Kevin Magnussen impressing McLaren

F1
Mark Hughes

Kevin Magnussen was deeply impressive in his first extensive test as a pukka McLaren driver, and not just because his best lap was significantly faster than anyone else managed. That may or may not have been significant, given that none of the cars were yet at anything like their potential.

We now hear, for example, that the Renault-engined cars were not running at more than 50 per cent of the maximum of the electronic energy recovery systems – meaning even when they were running, they were minus around 100hp to the Mercedes and Ferrari units. We also don’t know if McLaren – or anyone else – was running in a trim that would meet the fuel flow limit of 100kg per hour. We don’t know the respective fuel loads, the tyre use comparison etc, etc.

But putting all that aside, McLaren was still hugely enthused about its new rookie signing. What seasoned track bystanders and data analysts alike were picking out was the beautifully composed way he correlates throttle with cornering grip. Even while leaving very little tyre performance on the table, he was not overstepping the limits, but nuzzling gently up to them – consistently – and the throttle foot was playing a crucial role in that.

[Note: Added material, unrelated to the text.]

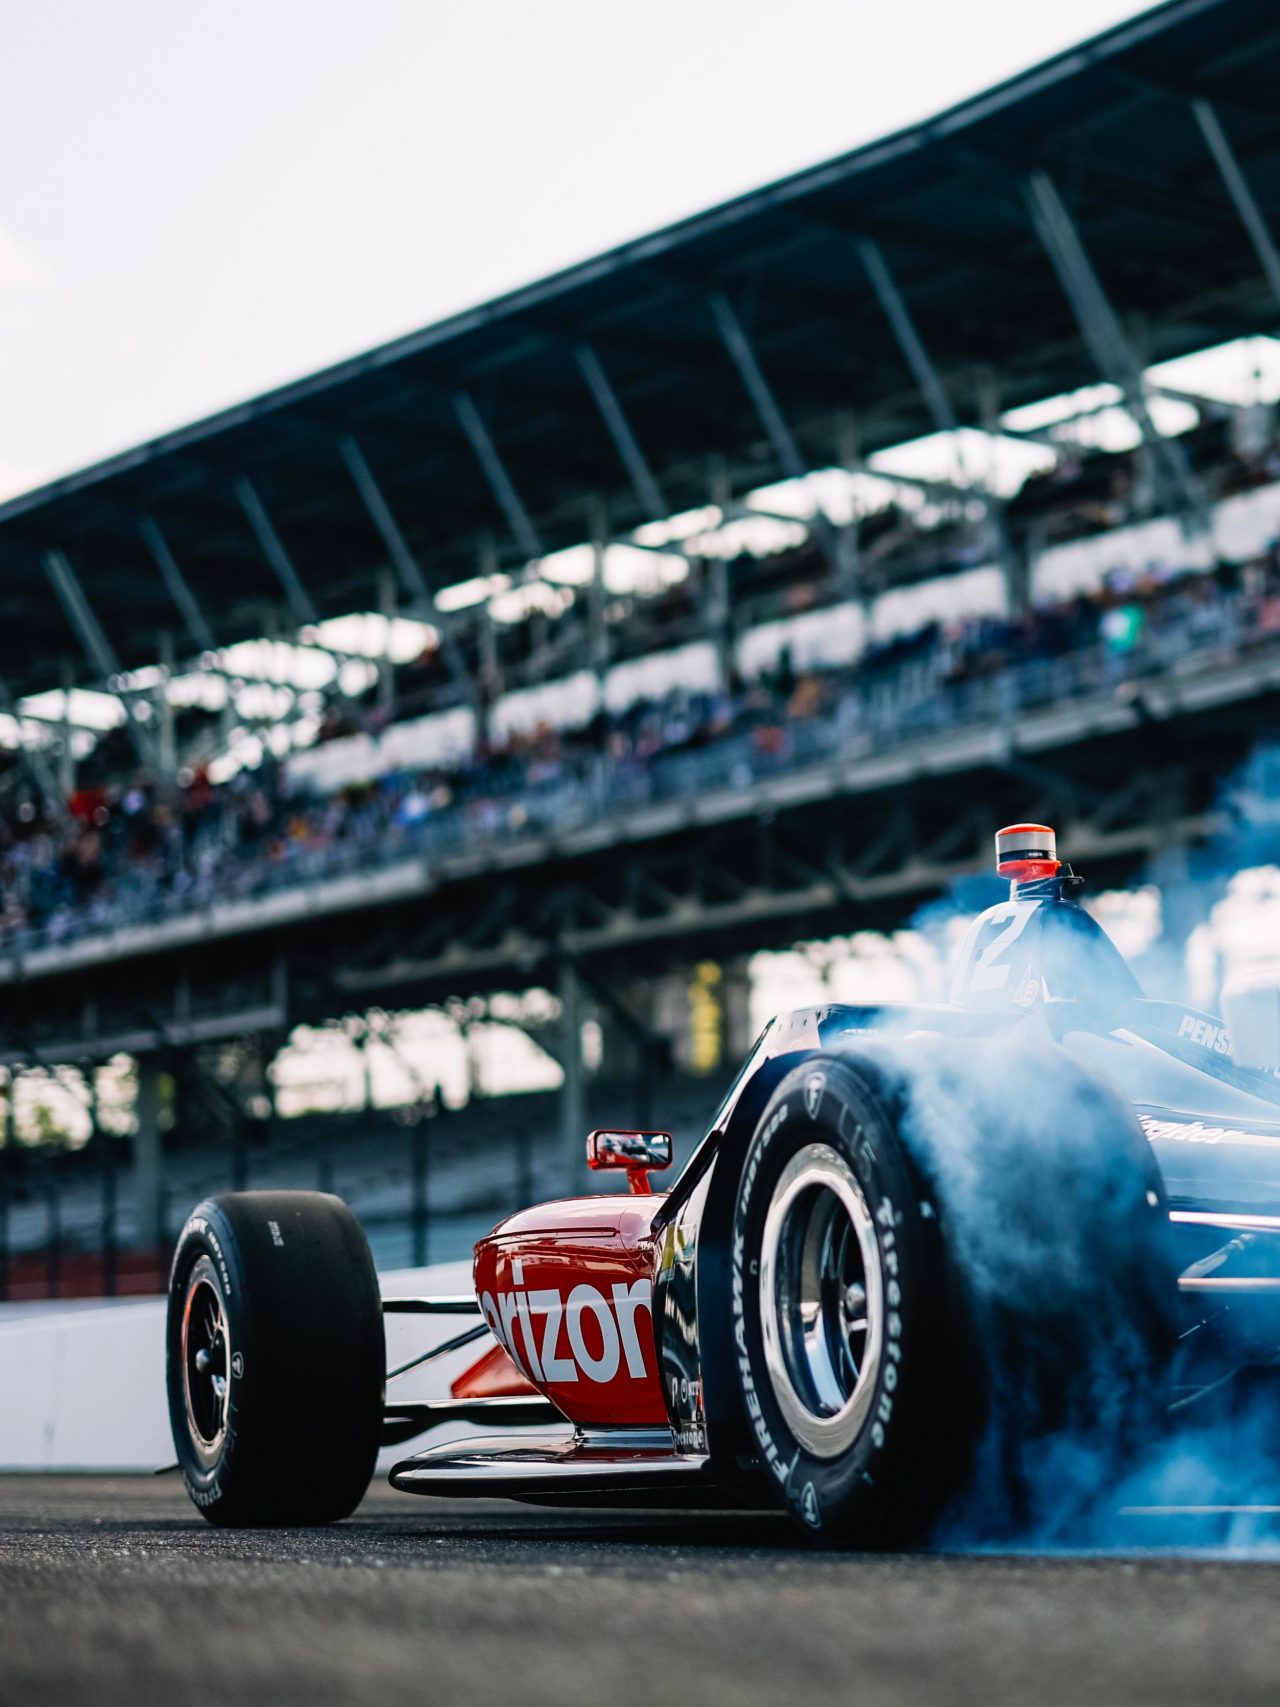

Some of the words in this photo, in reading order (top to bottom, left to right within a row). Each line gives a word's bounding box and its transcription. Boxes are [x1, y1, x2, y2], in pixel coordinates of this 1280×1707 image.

[1177, 1014, 1233, 1057] PENS
[732, 1226, 790, 1485] FIREHAWK
[871, 1196, 901, 1449] Firestone

It’s a skill that’s going to be extra valuable in F1 cars that suddenly have an excess of torque through big chunks of the lap after years of high-revving V8s that were relatively gutless out of their narrow power band and which could therefore allow their drivers to be foot to the floor very early in the turn.

Those who have worked with Magnussen say this is fairly typical of his thoughtful approach. In comparison to his former World Series team-mate Stoffel Vandoorne (also a McLaren junior driver) Magnussen’s car control is not called upon so frequently (Vandoorne is possessed of truly spectacular car control, incidentally).

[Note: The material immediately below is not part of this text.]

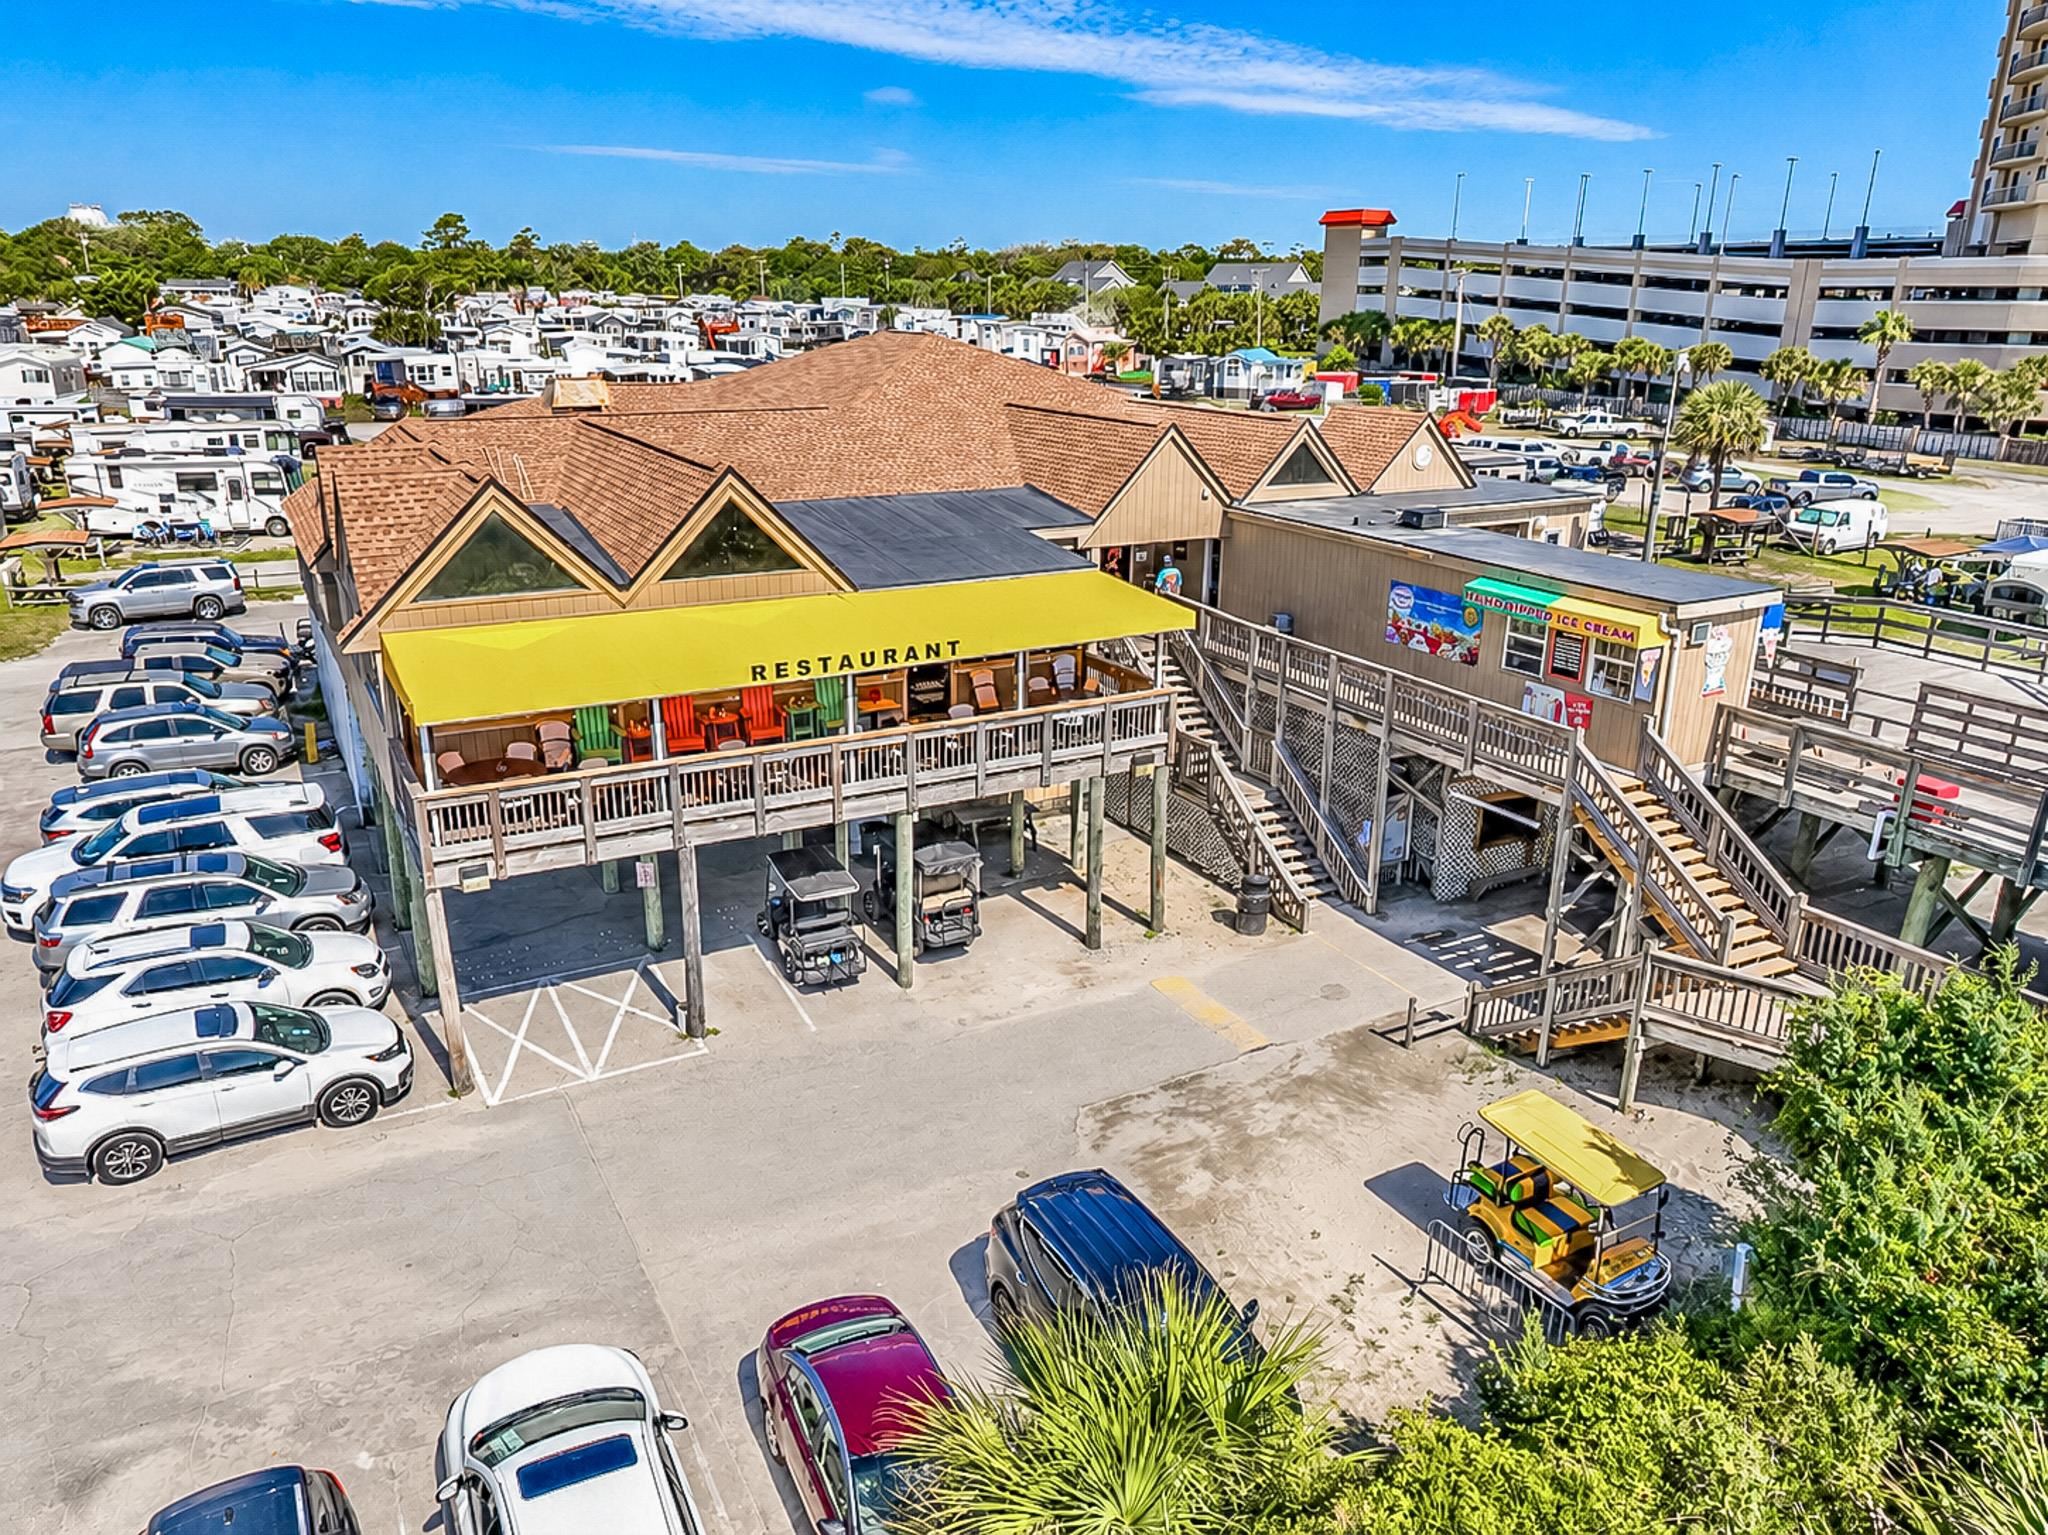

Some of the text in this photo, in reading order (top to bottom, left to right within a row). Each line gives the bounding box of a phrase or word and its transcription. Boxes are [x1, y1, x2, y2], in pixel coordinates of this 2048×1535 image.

[1556, 613, 1578, 628] ICE
[1584, 621, 1635, 643] CREAM
[751, 640, 961, 681] RESTAURANT

With Magnussen it is expressed in a different way, using his sensitivity to feel for the limit rather than reacting after he’s gone over it. This micro-analysis of driver inputs is going to figure increasingly more in engineers’ analysis as the science becomes more organic.

There is a major new piece of technology coming which will allow a much fuller and less robotic understanding of what the driver is doing. I’m sworn to secrecy on it, but should be able to tell Motor Sport readers all about it later this year. Trust me, it’s mind blowing.

Telemetry in the past

Ever since data logging and telemetry came along, the data has tended to determine the driver input. The engineer, having analysed the data, will tell the driver what he needs to be doing and the driver will try to adapt accordingly. But actually that is the tail wagging the dog.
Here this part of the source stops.